At an altitude of 45,000 metres Excel 2007 doesn't even want to calculate the pressure! But where there is drag there will also be significant pressure, no matter how thin the atmosphere.
Manfred writes:

Hence your projection of pressure is off by three orders of magnitude.

This is correct, assuming the slowing occurs much higher than 10km altitude. But I was relying on the huge underestimate of using the equation for incompressible flow (Rho V squared) compared to the equation given for compressible flow which was even more orders of magnitude larger than the discrepancy you point out.
Here is the graph for the (Edit 1/Jun14:) incompressible flow equation, going up to Apollo reentry speed of Mach 33:

120 million atmospheres! I suggest that cancels out the three orders of magnitude you mention.  Thanks for pointing out that flaw Manfred, it improved my post.

1. Sir,
your calculation for dynamic pressure on Apollo makes a colossal error. By the time Apollo is at 10 km, its velocity is less than 1 km/sec (refer to: http://www.aulis.com/images_reentry/apollo-8_re-entry.jpg). It will have slowed down by close to a factor of 30 from 10 km/sec, in fact. Hence your projection of pressure is off by three orders of magnitude.
Regards.
PS. The two figures you present I have seen before, and am convinced are really screwy. The only way to get those altitudes for maximum deceleration is for a ballistic coefficient to be extremely high, much, much higher than for even a reentering warhead. Don't know why they made that choice in their document, but maximum deceleration for a manned spacecraft reentering would be in excess of 30km altitude. The reentry flight path angle would be very shallow, so as to cause reentry deceleration not to exceed about 8 G's, the upper bound on what humans can endure. This drives the pressure down considerably, because it is the pressure that causes the deceleration that must be bounded above to be tolerable. The 100's of G's shown in those two plots clearly does not correspond to manned reentry.

1. Manfred, well spotted. I thought about including that consideration initially in the post but got lazy.

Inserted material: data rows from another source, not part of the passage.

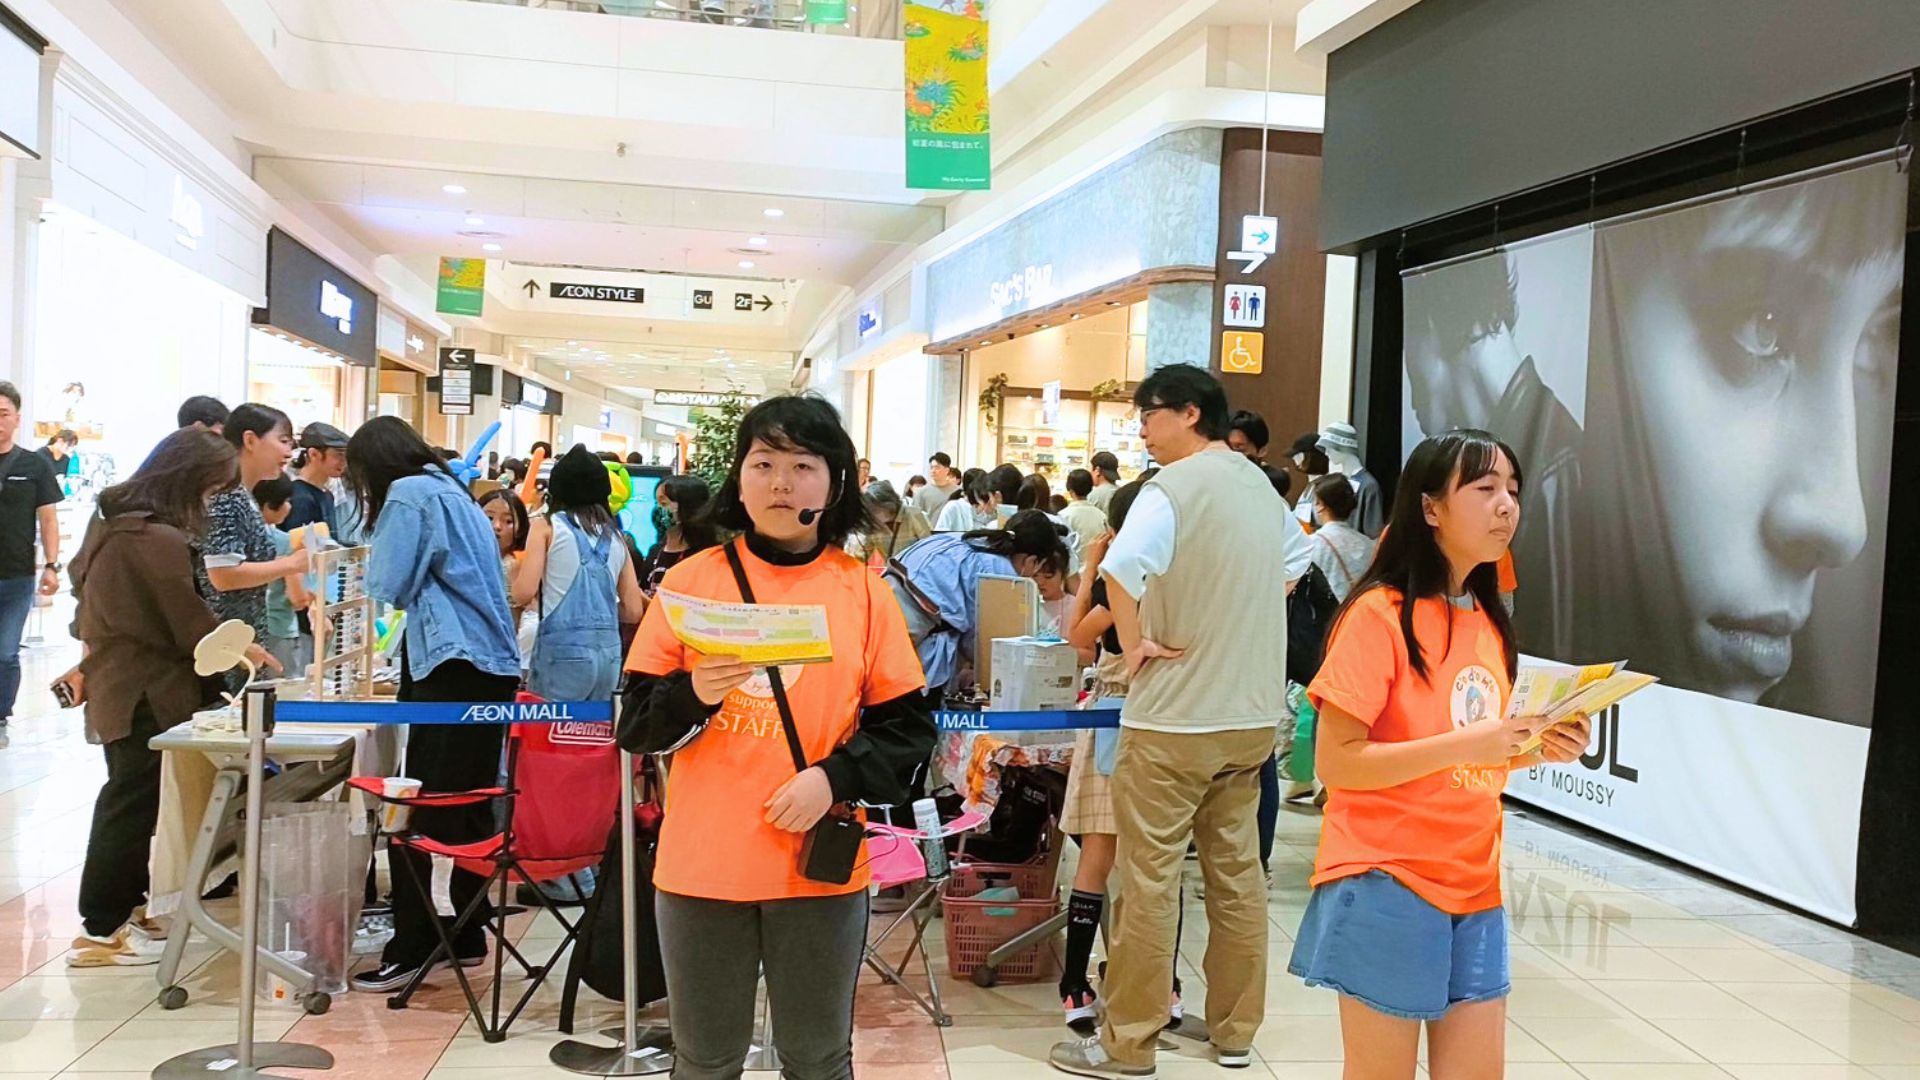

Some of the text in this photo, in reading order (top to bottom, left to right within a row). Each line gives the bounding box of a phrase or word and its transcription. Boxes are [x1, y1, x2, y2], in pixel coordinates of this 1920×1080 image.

[597, 288, 636, 301] STYLE
[694, 294, 712, 305] GU
[736, 296, 752, 307] 2F
[728, 693, 778, 711] suppor
[519, 704, 574, 720] MALL
[714, 710, 785, 739] STAFF
[942, 714, 989, 729] MALL
[1528, 764, 1616, 808] BY MOUSSY

This is a fair criticism, and I have updated the post to reflect that. I appreciate the effort you made to find and point out that flaw, and I hope I have addressed your concerns in the update above.

2. Sir,
It is rather easy to code up Allen and Eggars formulas (which are very simple and elegant, BTW) for reentry deceleration and compute quantities such as the dynamic pressure acting on these sorts of reentry vehicles. I have done so and arrived at values that max out (for ICBM warheads) at multiple (>10X) hundreds of Kilo-Pascals. However, atmospheric pressure at sea level is itself around 100 Kilo-Pascals, so this is not a horribly high value after all. Again, when you uses these same formulas for computing deceleration of warheads, you get generally at most about 120 g's, but for reentry angles and ballistic coefficients that are much higher than employed for manned reentry. Prompted by your line of inquiry here, I lowered both of these quantities in some of my tools for implementing these formula in order to be more representative of manned reentry (even ignoring lift) and was able to lower the maximum level of deceleration g's to around 8-10 g's - suitable for manned flight. -->
Then, if you multiply the 10 g's = 100 m/s^2 by the command module mass of ~5000 Kg, you get a maximum dynamic pressure level of ~500,000 Pascals = 500 kPascals, which is only 5X sea level atmospheric pressure. I would encourage you to investigate Allen's wonderful formulas (If my memory serves correct, I believe the reference you consulted for your plots above has some of the formulas documented.), and you might begin to see how reentry was a dicey proposition, but within the realm of engineering solution. It turns out that heat loads were probably more worrisome than the dynamic loads to NASA engineers, once they turned to blunt RVs (meaning low ballistic coefficient values) reentering at low reentry angles.
Regards,
Ray

1. Thanks for the info. I haven't considered those angles before.